HOW TO COMPLETE THIS TASK
Give back, word for word, the line that contains "this 1333×1500 image." and all lines after it in the material, through the last; please include only these.

################

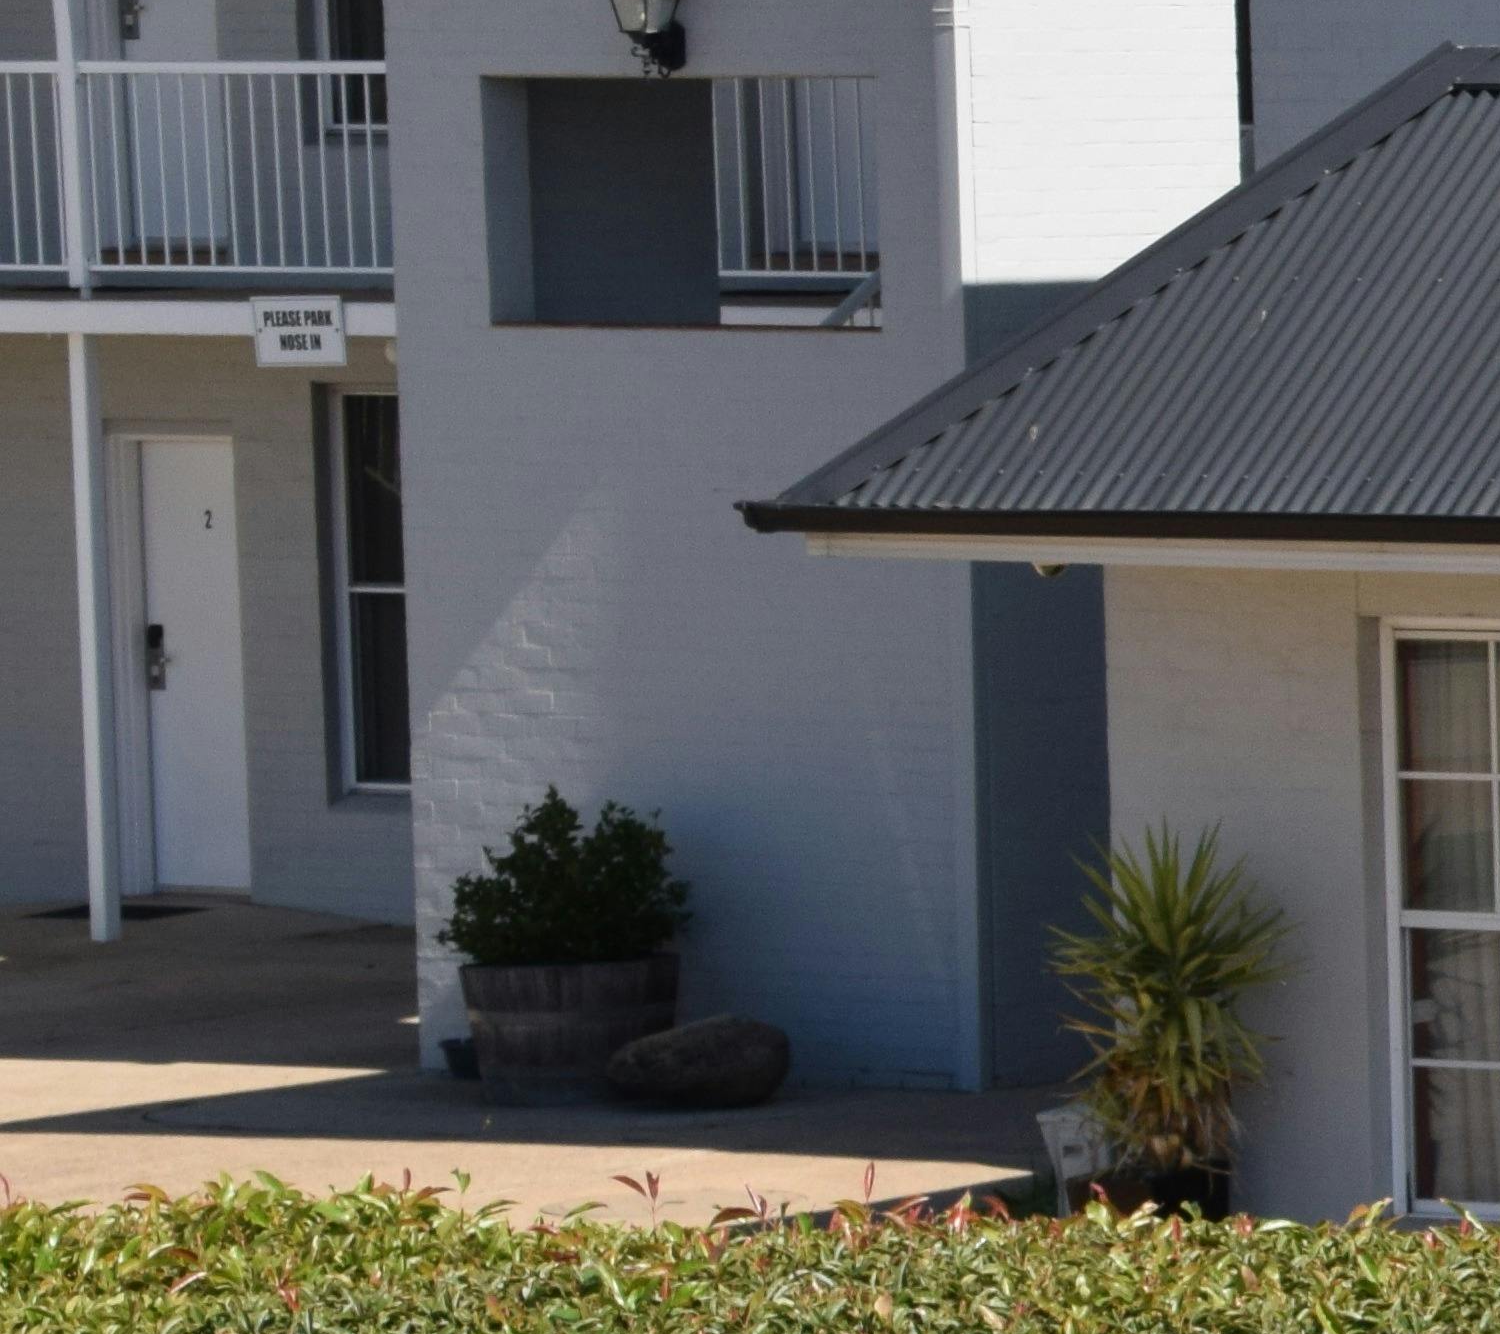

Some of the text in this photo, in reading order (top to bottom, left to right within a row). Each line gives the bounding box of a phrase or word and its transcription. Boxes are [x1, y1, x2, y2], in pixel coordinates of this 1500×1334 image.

[263, 309, 333, 327] PLEASE PARK
[280, 333, 322, 350] NOSE IN
[204, 509, 212, 529] 2
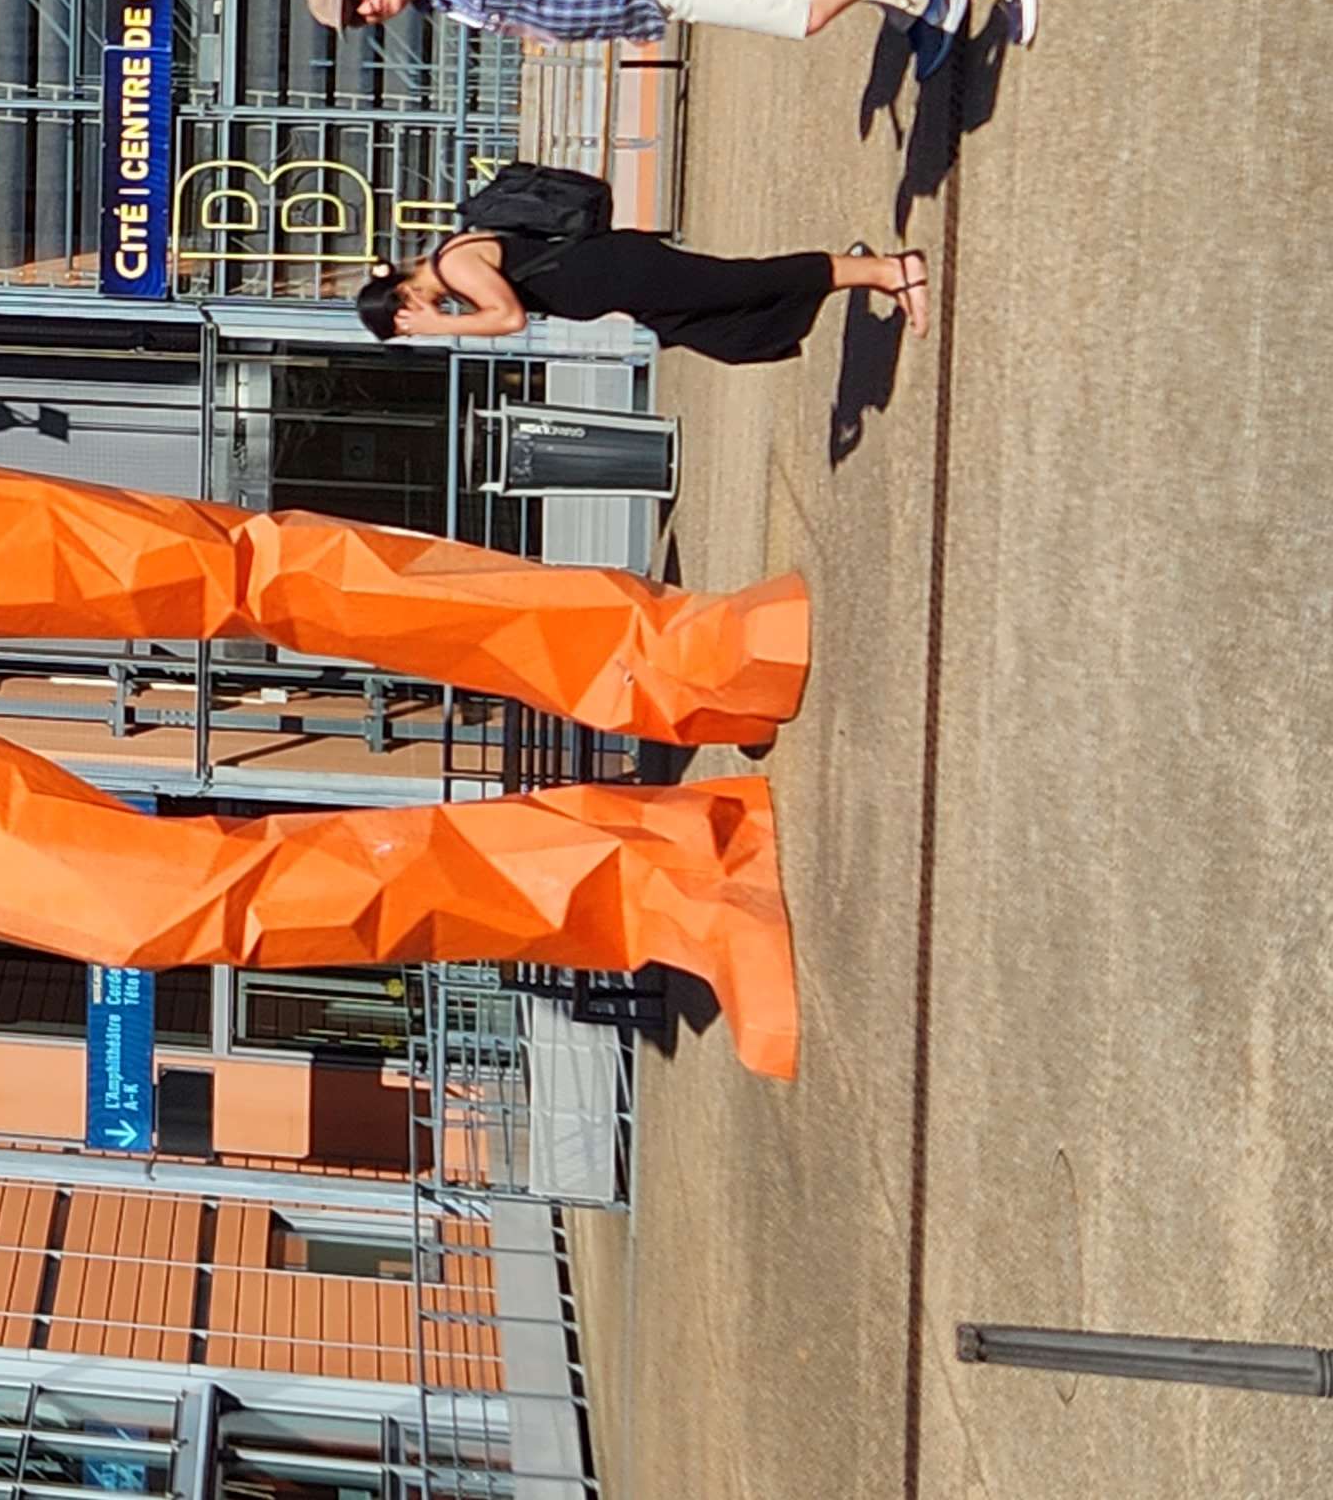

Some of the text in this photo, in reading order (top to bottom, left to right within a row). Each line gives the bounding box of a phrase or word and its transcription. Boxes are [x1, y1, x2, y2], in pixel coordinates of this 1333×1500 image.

[123, 8, 153, 48] DE
[120, 57, 151, 180] CENTRE
[105, 1013, 125, 1109] L'Amphithéâtre

################

RESULT BELOW
Some of the text in this photo, in reading order (top to bottom, left to right within a row). Each line gives the bounding box of a phrase or word and its transcription. Boxes are [x1, y1, x2, y2], in pixel coordinates of this 1333×1500 image.

[123, 8, 153, 48] DE
[120, 57, 151, 180] CENTRE
[105, 1013, 125, 1109] L'Amphithéâtre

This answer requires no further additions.